[Opening INPUT MATERIAL section]
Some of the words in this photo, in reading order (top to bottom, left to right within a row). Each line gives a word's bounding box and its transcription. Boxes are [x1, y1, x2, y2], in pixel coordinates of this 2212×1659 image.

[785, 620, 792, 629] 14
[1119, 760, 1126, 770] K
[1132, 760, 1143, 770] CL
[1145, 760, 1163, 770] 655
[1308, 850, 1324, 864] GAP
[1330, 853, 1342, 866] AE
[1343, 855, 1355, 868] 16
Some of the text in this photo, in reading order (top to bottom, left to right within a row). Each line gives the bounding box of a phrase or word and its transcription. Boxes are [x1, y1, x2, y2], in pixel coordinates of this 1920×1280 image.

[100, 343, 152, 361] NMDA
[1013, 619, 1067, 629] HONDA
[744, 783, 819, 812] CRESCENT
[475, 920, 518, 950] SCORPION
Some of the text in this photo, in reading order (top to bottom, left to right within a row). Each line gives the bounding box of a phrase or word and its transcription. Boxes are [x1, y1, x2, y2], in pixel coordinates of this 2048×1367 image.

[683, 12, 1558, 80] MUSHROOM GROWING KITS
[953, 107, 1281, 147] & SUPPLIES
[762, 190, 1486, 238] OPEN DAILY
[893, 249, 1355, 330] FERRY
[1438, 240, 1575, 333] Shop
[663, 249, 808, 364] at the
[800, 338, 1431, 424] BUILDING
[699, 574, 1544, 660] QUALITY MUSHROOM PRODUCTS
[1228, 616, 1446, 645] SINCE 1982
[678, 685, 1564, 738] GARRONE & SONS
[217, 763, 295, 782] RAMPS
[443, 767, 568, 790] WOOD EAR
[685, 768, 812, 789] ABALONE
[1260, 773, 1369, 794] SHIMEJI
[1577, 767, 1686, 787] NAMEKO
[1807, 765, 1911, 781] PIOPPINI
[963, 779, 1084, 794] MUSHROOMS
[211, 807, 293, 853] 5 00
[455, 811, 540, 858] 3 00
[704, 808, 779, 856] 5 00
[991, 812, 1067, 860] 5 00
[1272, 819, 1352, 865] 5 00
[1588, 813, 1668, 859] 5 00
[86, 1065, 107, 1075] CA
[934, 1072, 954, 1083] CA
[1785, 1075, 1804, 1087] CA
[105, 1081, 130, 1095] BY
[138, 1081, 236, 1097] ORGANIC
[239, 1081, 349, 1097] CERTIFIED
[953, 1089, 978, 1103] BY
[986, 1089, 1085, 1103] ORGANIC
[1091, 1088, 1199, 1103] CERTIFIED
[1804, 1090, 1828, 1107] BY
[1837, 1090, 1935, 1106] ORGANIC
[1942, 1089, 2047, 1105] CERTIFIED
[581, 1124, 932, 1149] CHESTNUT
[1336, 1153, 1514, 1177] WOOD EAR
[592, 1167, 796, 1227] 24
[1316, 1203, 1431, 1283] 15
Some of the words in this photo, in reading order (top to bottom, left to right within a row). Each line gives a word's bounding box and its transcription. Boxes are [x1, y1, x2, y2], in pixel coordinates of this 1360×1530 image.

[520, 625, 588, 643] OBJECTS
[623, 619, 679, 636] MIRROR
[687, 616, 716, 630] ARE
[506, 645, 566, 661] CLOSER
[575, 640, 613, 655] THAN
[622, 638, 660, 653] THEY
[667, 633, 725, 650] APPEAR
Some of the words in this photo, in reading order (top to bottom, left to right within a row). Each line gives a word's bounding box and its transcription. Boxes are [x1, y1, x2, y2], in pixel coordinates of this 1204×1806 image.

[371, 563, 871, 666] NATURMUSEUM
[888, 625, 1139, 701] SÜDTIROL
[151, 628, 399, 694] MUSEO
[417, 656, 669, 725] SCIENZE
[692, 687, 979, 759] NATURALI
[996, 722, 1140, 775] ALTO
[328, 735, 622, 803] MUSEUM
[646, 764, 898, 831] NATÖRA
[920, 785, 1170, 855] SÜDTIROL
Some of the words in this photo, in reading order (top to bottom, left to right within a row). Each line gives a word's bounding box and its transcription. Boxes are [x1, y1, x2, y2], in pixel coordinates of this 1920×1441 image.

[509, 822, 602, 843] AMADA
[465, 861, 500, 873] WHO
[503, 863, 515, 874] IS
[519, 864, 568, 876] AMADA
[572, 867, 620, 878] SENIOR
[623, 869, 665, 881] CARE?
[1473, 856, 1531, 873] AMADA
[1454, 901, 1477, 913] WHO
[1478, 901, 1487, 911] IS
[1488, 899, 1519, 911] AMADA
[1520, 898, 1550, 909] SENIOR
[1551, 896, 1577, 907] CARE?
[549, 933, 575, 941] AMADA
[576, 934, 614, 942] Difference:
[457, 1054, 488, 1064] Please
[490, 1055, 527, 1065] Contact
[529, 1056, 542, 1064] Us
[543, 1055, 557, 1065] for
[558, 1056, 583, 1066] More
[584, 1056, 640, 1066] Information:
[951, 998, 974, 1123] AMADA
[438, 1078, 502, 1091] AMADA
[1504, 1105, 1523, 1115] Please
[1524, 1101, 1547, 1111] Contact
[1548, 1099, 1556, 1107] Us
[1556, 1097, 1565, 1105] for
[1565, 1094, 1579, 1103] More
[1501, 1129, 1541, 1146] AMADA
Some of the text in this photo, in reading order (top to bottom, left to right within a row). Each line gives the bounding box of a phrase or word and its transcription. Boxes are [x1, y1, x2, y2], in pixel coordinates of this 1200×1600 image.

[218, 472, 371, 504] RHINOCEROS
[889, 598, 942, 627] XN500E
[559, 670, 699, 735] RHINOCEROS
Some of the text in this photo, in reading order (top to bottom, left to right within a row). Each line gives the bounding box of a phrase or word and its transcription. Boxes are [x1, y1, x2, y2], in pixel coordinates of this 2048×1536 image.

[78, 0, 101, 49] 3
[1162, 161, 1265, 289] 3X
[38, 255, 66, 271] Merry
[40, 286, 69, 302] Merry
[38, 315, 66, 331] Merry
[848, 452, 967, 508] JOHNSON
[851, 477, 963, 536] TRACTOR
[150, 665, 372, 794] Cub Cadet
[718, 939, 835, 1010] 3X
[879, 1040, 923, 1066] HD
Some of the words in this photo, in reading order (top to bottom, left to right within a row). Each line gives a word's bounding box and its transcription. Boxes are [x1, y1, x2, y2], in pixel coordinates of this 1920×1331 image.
[Closing INPUT MATERIAL section]
# TASK REQUIREMENTS
The whole listing above needs to be transcribed exactly.

# EXERCISE ANSWER
Some of the words in this photo, in reading order (top to bottom, left to right within a row). Each line gives a word's bounding box and its transcription. Boxes are [x1, y1, x2, y2], in pixel coordinates of this 2212×1659 image.

[785, 620, 792, 629] 14
[1119, 760, 1126, 770] K
[1132, 760, 1143, 770] CL
[1145, 760, 1163, 770] 655
[1308, 850, 1324, 864] GAP
[1330, 853, 1342, 866] AE
[1343, 855, 1355, 868] 16
Some of the text in this photo, in reading order (top to bottom, left to right within a row). Each line gives the bounding box of a phrase or word and its transcription. Boxes are [x1, y1, x2, y2], in pixel coordinates of this 1920×1280 image.

[100, 343, 152, 361] NMDA
[1013, 619, 1067, 629] HONDA
[744, 783, 819, 812] CRESCENT
[475, 920, 518, 950] SCORPION
Some of the text in this photo, in reading order (top to bottom, left to right within a row). Each line gives the bounding box of a phrase or word and its transcription. Boxes are [x1, y1, x2, y2], in pixel coordinates of this 2048×1367 image.

[683, 12, 1558, 80] MUSHROOM GROWING KITS
[953, 107, 1281, 147] & SUPPLIES
[762, 190, 1486, 238] OPEN DAILY
[893, 249, 1355, 330] FERRY
[1438, 240, 1575, 333] Shop
[663, 249, 808, 364] at the
[800, 338, 1431, 424] BUILDING
[699, 574, 1544, 660] QUALITY MUSHROOM PRODUCTS
[1228, 616, 1446, 645] SINCE 1982
[678, 685, 1564, 738] GARRONE & SONS
[217, 763, 295, 782] RAMPS
[443, 767, 568, 790] WOOD EAR
[685, 768, 812, 789] ABALONE
[1260, 773, 1369, 794] SHIMEJI
[1577, 767, 1686, 787] NAMEKO
[1807, 765, 1911, 781] PIOPPINI
[963, 779, 1084, 794] MUSHROOMS
[211, 807, 293, 853] 5 00
[455, 811, 540, 858] 3 00
[704, 808, 779, 856] 5 00
[991, 812, 1067, 860] 5 00
[1272, 819, 1352, 865] 5 00
[1588, 813, 1668, 859] 5 00
[86, 1065, 107, 1075] CA
[934, 1072, 954, 1083] CA
[1785, 1075, 1804, 1087] CA
[105, 1081, 130, 1095] BY
[138, 1081, 236, 1097] ORGANIC
[239, 1081, 349, 1097] CERTIFIED
[953, 1089, 978, 1103] BY
[986, 1089, 1085, 1103] ORGANIC
[1091, 1088, 1199, 1103] CERTIFIED
[1804, 1090, 1828, 1107] BY
[1837, 1090, 1935, 1106] ORGANIC
[1942, 1089, 2047, 1105] CERTIFIED
[581, 1124, 932, 1149] CHESTNUT
[1336, 1153, 1514, 1177] WOOD EAR
[592, 1167, 796, 1227] 24
[1316, 1203, 1431, 1283] 15
Some of the words in this photo, in reading order (top to bottom, left to right within a row). Each line gives a word's bounding box and its transcription. Boxes are [x1, y1, x2, y2], in pixel coordinates of this 1360×1530 image.

[520, 625, 588, 643] OBJECTS
[623, 619, 679, 636] MIRROR
[687, 616, 716, 630] ARE
[506, 645, 566, 661] CLOSER
[575, 640, 613, 655] THAN
[622, 638, 660, 653] THEY
[667, 633, 725, 650] APPEAR
Some of the words in this photo, in reading order (top to bottom, left to right within a row). Each line gives a word's bounding box and its transcription. Boxes are [x1, y1, x2, y2], in pixel coordinates of this 1204×1806 image.

[371, 563, 871, 666] NATURMUSEUM
[888, 625, 1139, 701] SÜDTIROL
[151, 628, 399, 694] MUSEO
[417, 656, 669, 725] SCIENZE
[692, 687, 979, 759] NATURALI
[996, 722, 1140, 775] ALTO
[328, 735, 622, 803] MUSEUM
[646, 764, 898, 831] NATÖRA
[920, 785, 1170, 855] SÜDTIROL
Some of the words in this photo, in reading order (top to bottom, left to right within a row). Each line gives a word's bounding box and its transcription. Boxes are [x1, y1, x2, y2], in pixel coordinates of this 1920×1441 image.

[509, 822, 602, 843] AMADA
[465, 861, 500, 873] WHO
[503, 863, 515, 874] IS
[519, 864, 568, 876] AMADA
[572, 867, 620, 878] SENIOR
[623, 869, 665, 881] CARE?
[1473, 856, 1531, 873] AMADA
[1454, 901, 1477, 913] WHO
[1478, 901, 1487, 911] IS
[1488, 899, 1519, 911] AMADA
[1520, 898, 1550, 909] SENIOR
[1551, 896, 1577, 907] CARE?
[549, 933, 575, 941] AMADA
[576, 934, 614, 942] Difference:
[457, 1054, 488, 1064] Please
[490, 1055, 527, 1065] Contact
[529, 1056, 542, 1064] Us
[543, 1055, 557, 1065] for
[558, 1056, 583, 1066] More
[584, 1056, 640, 1066] Information:
[951, 998, 974, 1123] AMADA
[438, 1078, 502, 1091] AMADA
[1504, 1105, 1523, 1115] Please
[1524, 1101, 1547, 1111] Contact
[1548, 1099, 1556, 1107] Us
[1556, 1097, 1565, 1105] for
[1565, 1094, 1579, 1103] More
[1501, 1129, 1541, 1146] AMADA
Some of the text in this photo, in reading order (top to bottom, left to right within a row). Each line gives the bounding box of a phrase or word and its transcription. Boxes are [x1, y1, x2, y2], in pixel coordinates of this 1200×1600 image.

[218, 472, 371, 504] RHINOCEROS
[889, 598, 942, 627] XN500E
[559, 670, 699, 735] RHINOCEROS
Some of the text in this photo, in reading order (top to bottom, left to right within a row). Each line gives the bounding box of a phrase or word and its transcription. Boxes are [x1, y1, x2, y2], in pixel coordinates of this 2048×1536 image.

[78, 0, 101, 49] 3
[1162, 161, 1265, 289] 3X
[38, 255, 66, 271] Merry
[40, 286, 69, 302] Merry
[38, 315, 66, 331] Merry
[848, 452, 967, 508] JOHNSON
[851, 477, 963, 536] TRACTOR
[150, 665, 372, 794] Cub Cadet
[718, 939, 835, 1010] 3X
[879, 1040, 923, 1066] HD
Some of the words in this photo, in reading order (top to bottom, left to right within a row). Each line gives a word's bounding box and its transcription. Boxes are [x1, y1, x2, y2], in pixel coordinates of this 1920×1331 image.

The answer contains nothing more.